情報資産管理分野のソフトウェア開発をビジネスドメインの中核に据えるクオリティ株式会社。そのノウハウにユーザから寄せられた要望を取り入れて完成したのが、クライアント操作ログ取得ツール「Quality Operate Hawkeye(QOH)」だ。新製品について、クオリティ株式会社 取締役の百武 達也氏、グローバル・セールス&マーケティング本部の営業2部部長山田 勝志氏に話を伺った。
クオリティ株式会社は1984年、ソフトウェアやハードウェアのドキュメント翻訳やマーケティング資料作成など、ベンダー支援事業を担う企業として創業した。その同社がソフトウェア事業を本格化させたのは、米ササフラスソフトウェアのライセンス管理ツール「KeyServer」の取り扱いを開始してからだった。KeyServerは、組織が所有するソフトウェアライセンスを一元的に管理し、使用中のライセンス数を計測するソフトウェア。同時利用者数がライセンス数を超えたとき、あるいは不正なライセンスのソフトウェアが導入されたときに、ソフトウェアを起動しないように制御する機能を備えている。このソフトウェアの販売を手がけたことにより、クオリティはソフトウェアベンダーへと大きくシフトすることになる。

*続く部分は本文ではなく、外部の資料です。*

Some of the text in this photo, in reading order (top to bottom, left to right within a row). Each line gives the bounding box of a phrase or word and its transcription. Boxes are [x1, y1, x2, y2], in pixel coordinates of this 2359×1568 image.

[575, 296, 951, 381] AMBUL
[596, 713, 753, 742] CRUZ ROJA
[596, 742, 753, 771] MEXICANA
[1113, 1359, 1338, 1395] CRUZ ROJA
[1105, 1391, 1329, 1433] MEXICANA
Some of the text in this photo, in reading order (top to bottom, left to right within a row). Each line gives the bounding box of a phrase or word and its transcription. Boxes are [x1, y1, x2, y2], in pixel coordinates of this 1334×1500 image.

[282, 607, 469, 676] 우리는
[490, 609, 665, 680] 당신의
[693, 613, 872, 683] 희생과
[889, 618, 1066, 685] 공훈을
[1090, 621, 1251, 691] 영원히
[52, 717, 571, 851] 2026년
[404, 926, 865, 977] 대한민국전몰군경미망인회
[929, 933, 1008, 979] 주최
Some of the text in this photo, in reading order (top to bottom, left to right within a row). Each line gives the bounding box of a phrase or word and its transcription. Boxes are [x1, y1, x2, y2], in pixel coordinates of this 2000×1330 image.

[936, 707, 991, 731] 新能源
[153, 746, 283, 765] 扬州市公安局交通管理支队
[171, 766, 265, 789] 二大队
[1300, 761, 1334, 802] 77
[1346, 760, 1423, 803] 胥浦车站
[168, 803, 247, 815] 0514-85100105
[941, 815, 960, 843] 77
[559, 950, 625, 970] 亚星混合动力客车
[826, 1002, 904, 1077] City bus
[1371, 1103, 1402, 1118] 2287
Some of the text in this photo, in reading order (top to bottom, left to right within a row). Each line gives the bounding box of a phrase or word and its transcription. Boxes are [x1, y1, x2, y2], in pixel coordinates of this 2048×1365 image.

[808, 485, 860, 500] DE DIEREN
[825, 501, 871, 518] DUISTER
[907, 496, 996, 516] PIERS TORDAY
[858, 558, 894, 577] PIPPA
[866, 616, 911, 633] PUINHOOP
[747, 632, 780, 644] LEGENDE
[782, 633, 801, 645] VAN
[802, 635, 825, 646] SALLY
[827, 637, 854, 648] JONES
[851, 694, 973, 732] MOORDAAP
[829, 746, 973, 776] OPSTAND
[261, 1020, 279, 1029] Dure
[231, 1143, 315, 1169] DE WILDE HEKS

「KeyServerはクライアント/サーバ型のソフトウェアで、ライセンス管理を行うすべてのPCにクライアントモジュールを導入しなければなりません。PCの台数が多かったり、全国に事業拠点があったりするお客様は、導入するだけでも大変な作業になります。そこで、KeyServer のクライアントモジュールを簡単に導入するために開発したのが、現在の当社のフラッグシップ製品であるIT資産管理ツール『QND Plus』です。QND Plusは、お客様の声を集約しながらインベントリ収集、リモートコントロールなどの機能を追加していきました。それとともに、QND Plusを補完する管理ツールやセキュリティツールも製品化しました」(百武氏)

そうしたQND Plusを補完するツールの一つとして求められたのが、ログ管理ツールだった。
「2005年の個人情報保護法施行を前に、個人情報保護を実現するクライアント操作ログ管理ツールのニーズが高まりました。そこで、お客様にいち早く提供しようと販売したのが、他社製品をOEM調達した『eX CLT』というツールでした」(百武氏)
ところがeX CLTはOEM調達だったため、ユーザから不具合の指摘があっても即応することができなかった。クオリティ自身が手を加えることのできる範囲も限定される。そこでクオリティでは、ユーザのニーズに対応したログ管理ツールを自社開発することにした。その製品が「QOH」だ。
「当社は、eX CLTの失敗を非常に重く受け止め、大きなリソースを割いてログ管理ツールを一から作り直しました。開発を開始したのは競合他社よりも遅くなりましたが、そのぶん不具合が発生しやすい部分を把握した上で開発することができました。もちろん、自社開発ですから、問題が発生した場合の修正も、従来製品に比べて格段に早く対応できるようになっています」(百武氏)
特に大きく改善されたのが、パフォーマンスの部分だという。
「ログ管理ツールは、膨大なログが毎日蓄積されます。ログがたまればたまるほど、データベースのパフォーマンスは落ちていきます。そこで QOHには、ある一定量ごとにデータベースを分割する仕組みを組み込み、データベースのパフォーマンスを損なわないようにしています。また、収集したログをコンソール上に表示する処理速度を高速化しています。これに関しては、お客様からも速いと評価していただいています」(山田氏)
QOHは、ドキュメントアクセス、ファイル操作、Webアクセス、メール送受信など11種類のクライアント操作ログを取得、蓄積する機能を提供している。万一、情報漏えいなどのセキュリティ事故が発生した際には、このログが証拠証跡として扱える。操作ログは、グループ単位で収集することが可能になっており、部署の特性に合わせた運用も可能だ。
現在、クオリティが販売しているバージョンは、ログの取得と蓄積に重点を置いた製品だが、年内に登場する新しいバージョンでは監視機能や検索機能が大幅に強化されるという。
「新しいバージョンでは、ポリシーをあらかじめ設定しておき、ポリシーに違反する操作ログに関して、リアルタイムあるいは設定した一定期間内においてアラートを出すという監視機能を大幅に強化する予定です。また、ログを串刺しで検索できる機能が追加され、同じユーザが操作した流れをつかむことができるようになります」(山田氏)
ログはただ単に取得すればよいわけではない。統制の一部として機能させることが重要だと百武氏は話す。そのための機能を拡充した新バージョンに対し、QOHユーザ企業だけでなくクオリティ自身も大きな期待を寄せている。